Other sources revealed that a combination of poor results from lobbying, the voluntary return to work by significant numbers of staff, and government threats to fire lecturers unless they returned, caused panic among union officials, leaving them with no option but to call off the strike.
This implies that the strongest weapon of the lecturers against the government and university administrations proved ineffective in the long run.
Another strike looming?
Ishmael Munene, a Kenyan professor from the College of Education at Northern Arizona University in the United States, said that the 1.75% pay increase offered by the government against a 300% demand by UASU means that tensions will continue and the possibility of another strike looms.

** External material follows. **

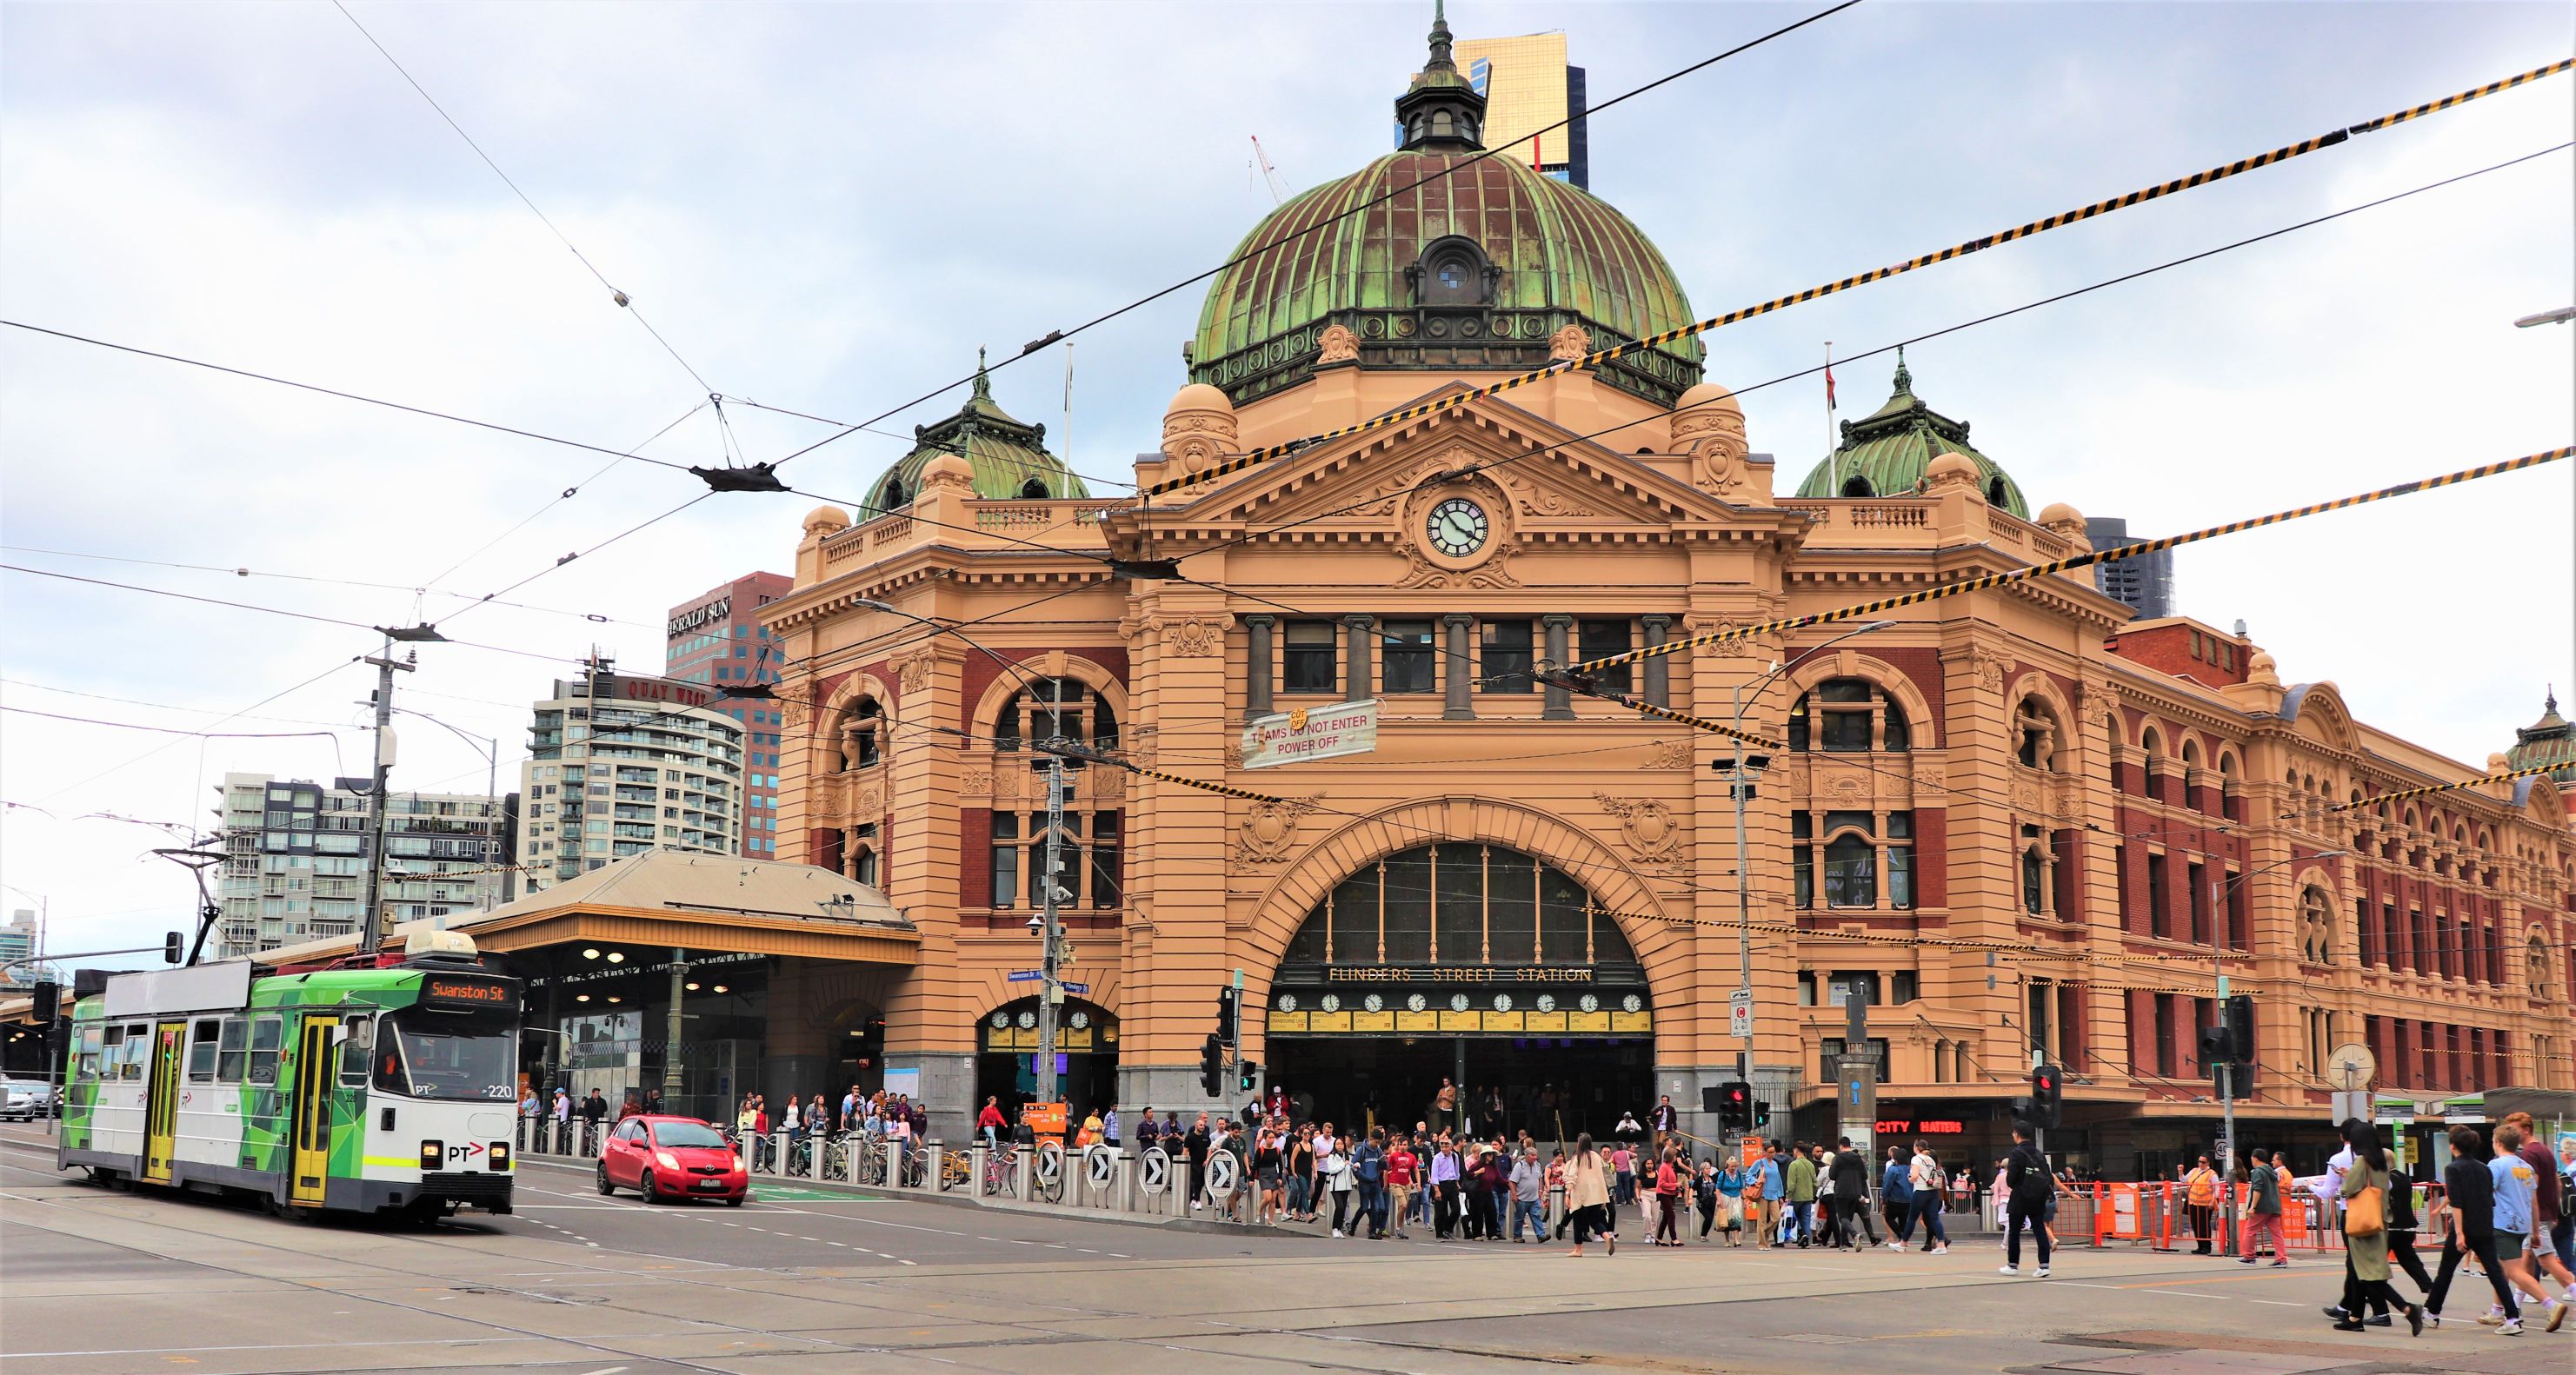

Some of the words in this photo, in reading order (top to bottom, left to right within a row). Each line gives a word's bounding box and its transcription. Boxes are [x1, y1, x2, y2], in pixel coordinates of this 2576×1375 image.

Munene, who is also a Carnegie African Diaspora Fellow, told University World News that there was no common agreement between lecturers and government on what is reasonable pay and the benefits that a university teacher should get.

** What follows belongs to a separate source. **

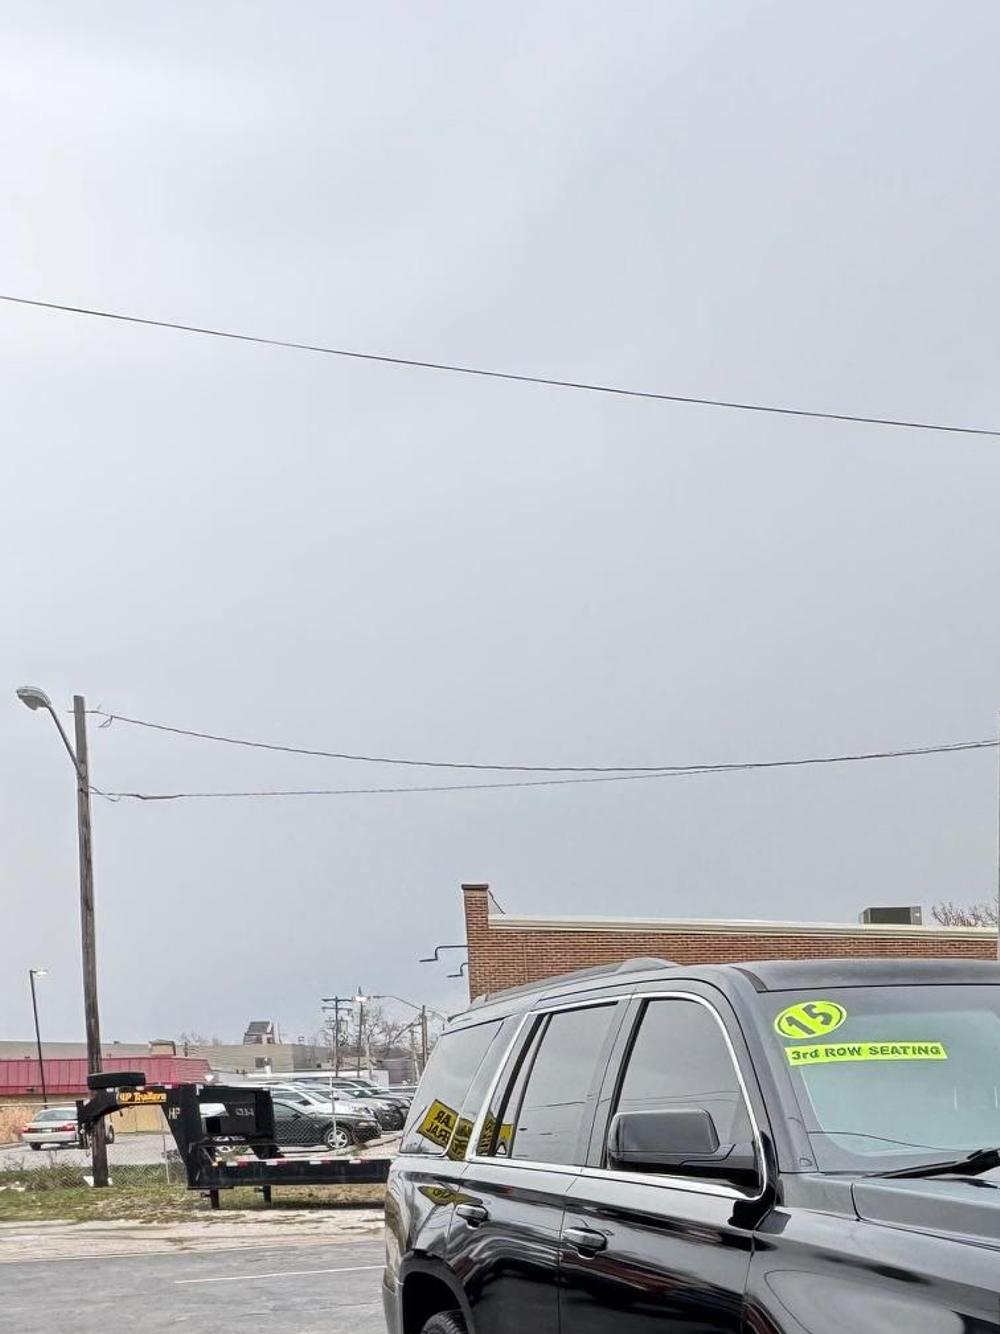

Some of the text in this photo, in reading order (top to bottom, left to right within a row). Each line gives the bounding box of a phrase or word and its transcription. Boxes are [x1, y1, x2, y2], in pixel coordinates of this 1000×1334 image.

“Figures are bandied around without recourse to economic conditions, cost of living, productivity of academics, and the market conditions of retaining particular academics in the universities vis-a-vis competition from other sectors,” he said.
Furthermore, there was no clarity on how the costs of lecturers and staff are going to be shared between the government and the universities, he said. According to the lecturers, it is expected that the government will fund all academic and non-academic staff, which was not generally done even in state universities in the West and in Asia.
Lack of clarity over negotiators
Munene said it was not clear who negotiates for the government. “Whereas academics and non-academics have unions, it is less clear on the government side. Is it the vice-chancellors’ body, the Inter-Public Universities Councils Consultative Forum [IPUCCF], or the ministry of education? Can the IPUCCF enter into an agreement that binds the state?” he asked.
With so many grey areas in the negotiation process, is it possible for the country to avoid a cycle of strikes again?
According to Munene, many academic experts believe that Kenya needs to move away from the routine of collective bargaining and adopt a more market-based approach to improving academic salaries. “In this model, there is a cost-of-living salary increase given to all to cover inflation and regional differences in the cost-of-living,” said Munene.
This, it is argued, should go along with an annual merit raise for academics who perform in accordance with agreed-upon parameters of productivity and output. This would mean that productive academics can expect a salary increase without necessarily waiting for unions to call a strike, he said.
Munene said there is also a need to move away from the belief that all universities are the same or need to be doing the same thing and have a uniform pay structure covering all institutions.
Such differentiation would be reflected in the establishment of ‘tier one’ universities which would include the University of Nairobi, Kenyatta University, Moi University, Egerton University and Jomo Kenyatta University of Agriculture and Technology. These would serve as premier universities focusing on research and graduate education whose academics are super performers and well remunerated.
The rest would be regional teaching universities focusing on undergraduate teaching and some professional postgraduate training. Academic staff would earn relatively lower salaries. Munene said a differentiated higher education system with differentiated expectations and remuneration would help to mitigate many strikes.
Impact on students
Anne Kubochi, a final-year student at Moi University’s School of Education, said lecturers need to devise another means other than strikes of achieving their entitlements.
She said university staff unions have been particularly poor at building coalitions with other public workers and civil society organisations. Calling a strike and demanding a 300% pay rise alienates them from other public servants who are equally underpaid, she said.
“The outcome is that the university administrations and the government have succeeded in forming a strong coalition against the academics.”
One of the greatest effects of the cycles of strikes has been disruption of the academic calendar and learning, according to Snyder Arusa, a third-year student at Maseno University. “Students now take longer to graduate because of these strikes,” she said, noting that were it not for the strikes, she could have graduated last year. She said medical students, who are supposed to graduate in seven years, are now taking eight years or more.
But Charles Omanga, employment and labour law expert, said that the negative attitudes from government and lecturers’ unions are a bottleneck to resolving the strikes. “There should be a willing attitude from both parties to come to the table for dialogue and negotiation,” said Omanga.
In an interview with University World News, Omanga called for the government to respond more quickly to labour issues to avert cycles of strikes. However, he said that strike matters are supposed to be directed to the ministry of labour while engaging the ministry of education and national treasury as stakeholders.
“It is the ministry of labour that has experience in industrial relations and it has elaborate industrial machinery to address labour matters,” said Omanga, adding that the Central Organisation of Trade Unions and the Federation of Kenya Employees should also be involved in collective bargaining negotiations.